*** Dataset extract Section Begins ***

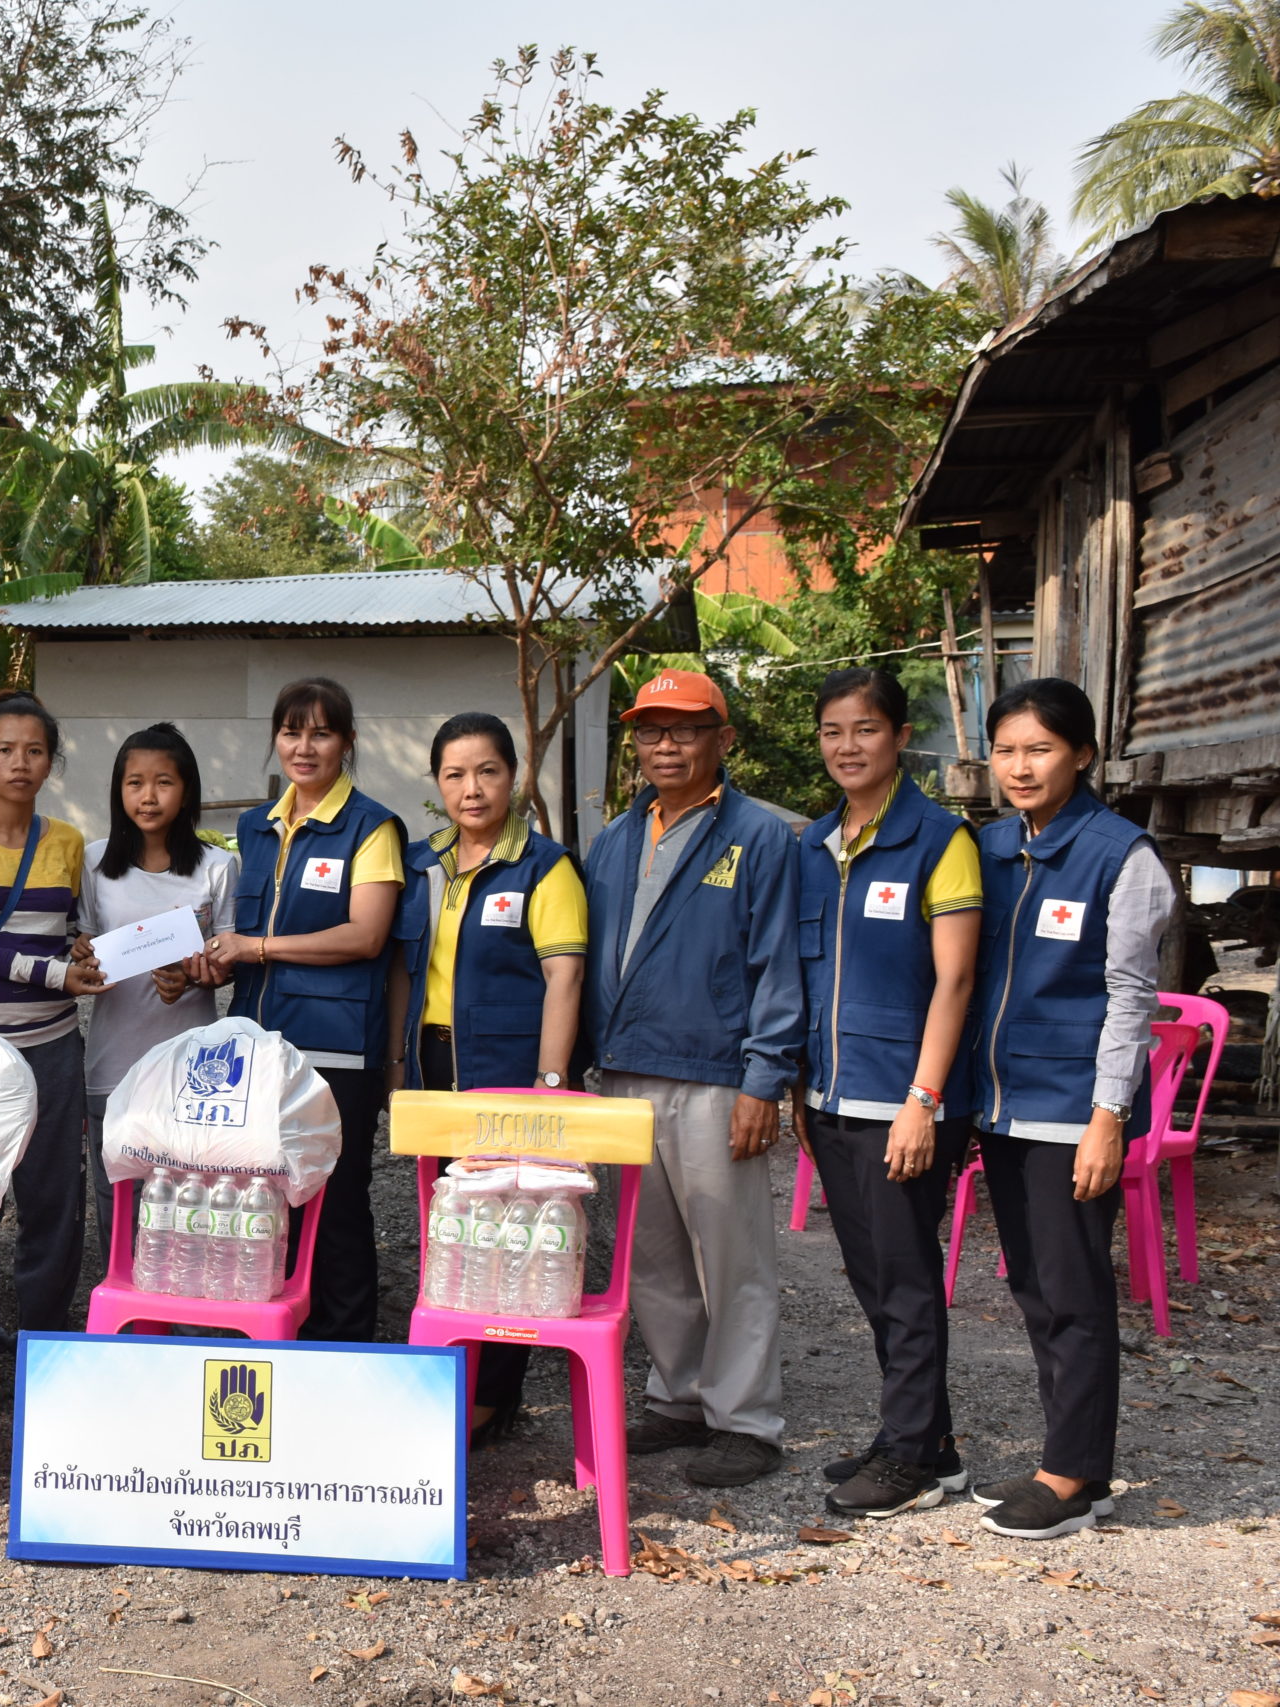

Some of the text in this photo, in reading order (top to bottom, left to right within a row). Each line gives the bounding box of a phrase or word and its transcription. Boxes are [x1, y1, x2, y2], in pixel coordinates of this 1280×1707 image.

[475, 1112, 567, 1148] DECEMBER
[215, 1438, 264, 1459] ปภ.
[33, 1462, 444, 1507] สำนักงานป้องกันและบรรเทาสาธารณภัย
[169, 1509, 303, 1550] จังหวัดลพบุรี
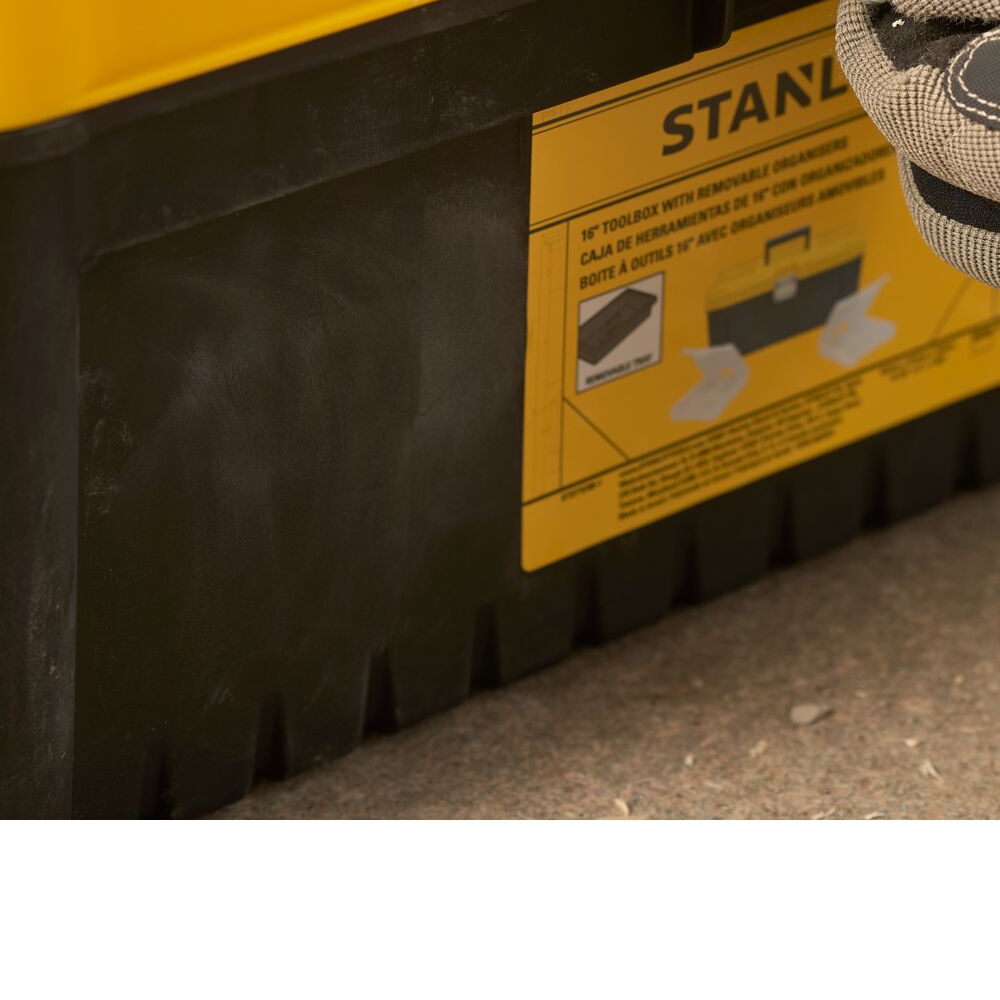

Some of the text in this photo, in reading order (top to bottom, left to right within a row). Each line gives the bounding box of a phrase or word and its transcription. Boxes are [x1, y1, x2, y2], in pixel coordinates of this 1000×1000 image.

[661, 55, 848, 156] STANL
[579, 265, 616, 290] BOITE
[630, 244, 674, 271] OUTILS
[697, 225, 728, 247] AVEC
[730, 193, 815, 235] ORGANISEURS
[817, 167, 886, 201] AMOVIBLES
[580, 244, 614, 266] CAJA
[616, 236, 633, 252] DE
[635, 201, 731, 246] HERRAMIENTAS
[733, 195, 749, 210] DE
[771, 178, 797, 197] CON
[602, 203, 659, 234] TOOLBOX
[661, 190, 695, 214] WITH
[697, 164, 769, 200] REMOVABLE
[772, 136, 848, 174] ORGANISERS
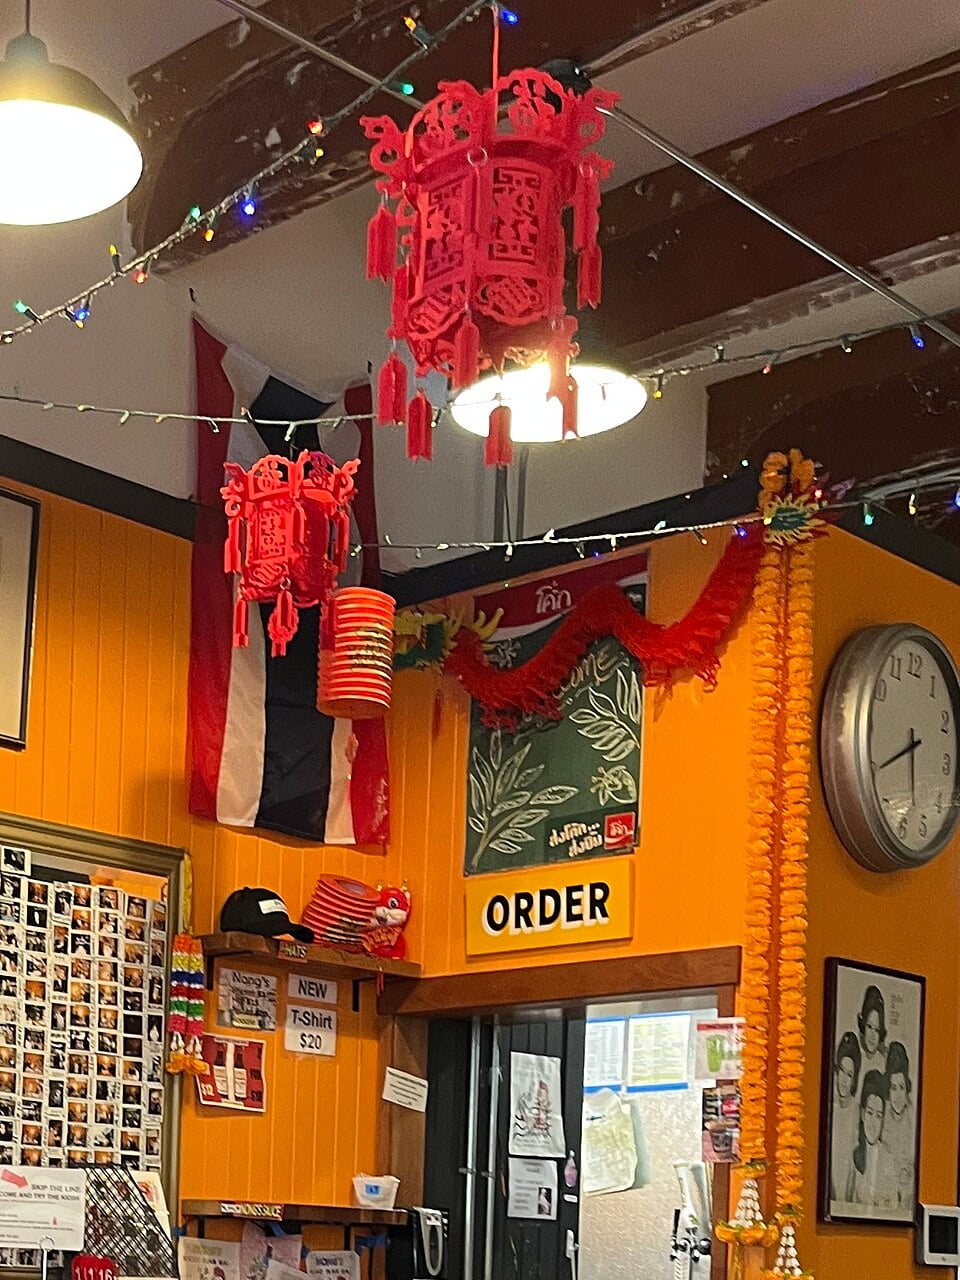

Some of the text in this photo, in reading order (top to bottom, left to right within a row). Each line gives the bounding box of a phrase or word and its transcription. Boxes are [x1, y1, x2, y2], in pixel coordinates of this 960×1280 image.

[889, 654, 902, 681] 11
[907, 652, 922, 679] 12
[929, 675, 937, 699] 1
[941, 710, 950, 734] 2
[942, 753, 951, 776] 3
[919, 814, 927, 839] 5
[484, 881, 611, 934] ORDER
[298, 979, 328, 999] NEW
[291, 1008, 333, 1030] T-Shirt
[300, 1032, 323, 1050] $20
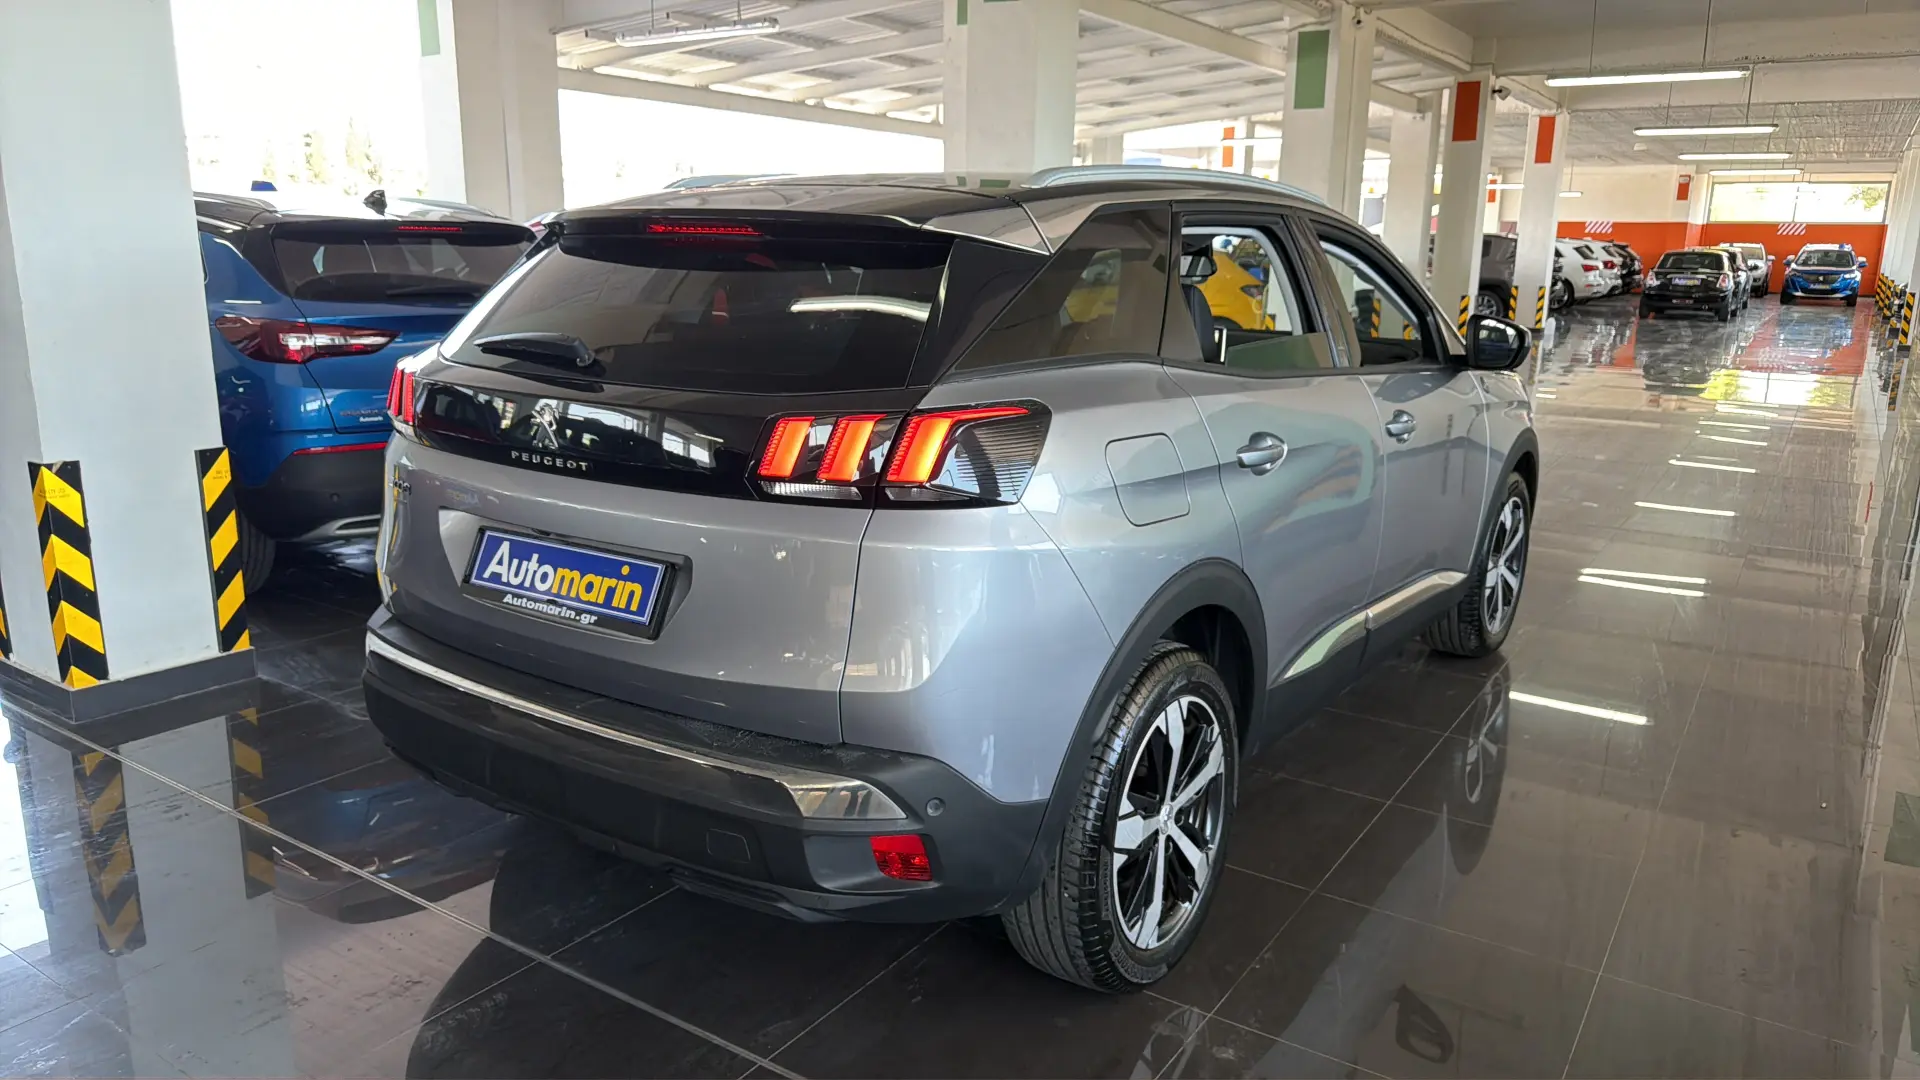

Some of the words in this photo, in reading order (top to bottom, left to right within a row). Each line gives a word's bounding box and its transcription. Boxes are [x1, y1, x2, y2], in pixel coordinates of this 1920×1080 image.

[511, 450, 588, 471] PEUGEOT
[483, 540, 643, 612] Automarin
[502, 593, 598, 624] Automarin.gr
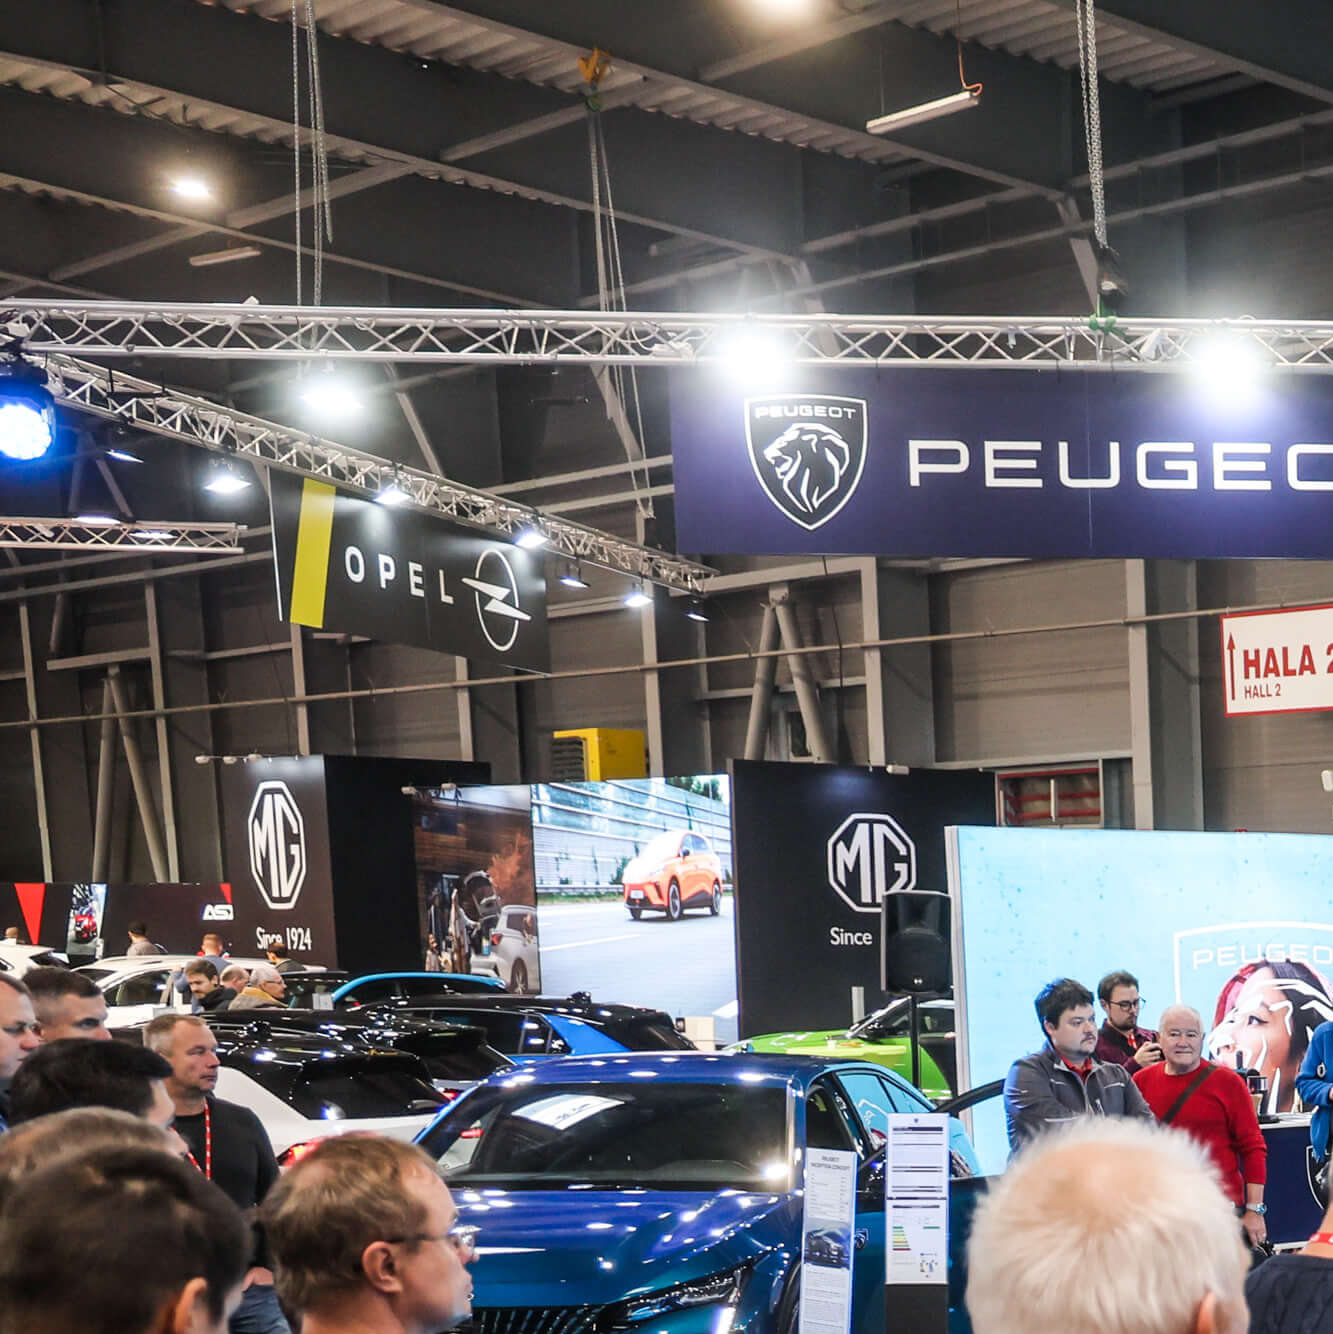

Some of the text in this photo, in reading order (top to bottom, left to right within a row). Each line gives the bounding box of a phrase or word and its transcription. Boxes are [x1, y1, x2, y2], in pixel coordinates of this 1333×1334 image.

*** Dataset extract Section Ends ***

> [Goal of the exercise]
The copy you write out must match the entries word for word, minus their pictures.

> [Solved problem]
Some of the text in this photo, in reading order (top to bottom, left to right within a row). Each line gives the bounding box of a phrase or word and its transcription. Boxes are [x1, y1, x2, y2], in pixel coordinates of this 1280×1707 image.

[475, 1112, 567, 1148] DECEMBER
[215, 1438, 264, 1459] ปภ.
[33, 1462, 444, 1507] สำนักงานป้องกันและบรรเทาสาธารณภัย
[169, 1509, 303, 1550] จังหวัดลพบุรี

Some of the text in this photo, in reading order (top to bottom, left to right within a row). Each line gives the bounding box of a phrase or word and its transcription. Boxes are [x1, y1, x2, y2], in pixel coordinates of this 1000×1000 image.

[661, 55, 848, 156] STANL
[579, 265, 616, 290] BOITE
[630, 244, 674, 271] OUTILS
[697, 225, 728, 247] AVEC
[730, 193, 815, 235] ORGANISEURS
[817, 167, 886, 201] AMOVIBLES
[580, 244, 614, 266] CAJA
[616, 236, 633, 252] DE
[635, 201, 731, 246] HERRAMIENTAS
[733, 195, 749, 210] DE
[771, 178, 797, 197] CON
[602, 203, 659, 234] TOOLBOX
[661, 190, 695, 214] WITH
[697, 164, 769, 200] REMOVABLE
[772, 136, 848, 174] ORGANISERS

Some of the text in this photo, in reading order (top to bottom, left to right within a row). Each line gives the bounding box of a phrase or word and its transcription. Boxes are [x1, y1, x2, y2], in pixel coordinates of this 960×1280 image.

[889, 654, 902, 681] 11
[907, 652, 922, 679] 12
[929, 675, 937, 699] 1
[941, 710, 950, 734] 2
[942, 753, 951, 776] 3
[919, 814, 927, 839] 5
[484, 881, 611, 934] ORDER
[298, 979, 328, 999] NEW
[291, 1008, 333, 1030] T-Shirt
[300, 1032, 323, 1050] $20

Some of the words in this photo, in reading order (top to bottom, left to right within a row). Each line gives a word's bounding box and its transcription. Boxes are [x1, y1, x2, y2], in pixel coordinates of this 1920×1080 image.

[511, 450, 588, 471] PEUGEOT
[483, 540, 643, 612] Automarin
[502, 593, 598, 624] Automarin.gr

Some of the text in this photo, in reading order (top to bottom, left to right within a row). Each line gives the bounding box of a phrase or word and its transcription. Boxes are [x1, y1, x2, y2], in pixel coordinates of this 1333×1334 image.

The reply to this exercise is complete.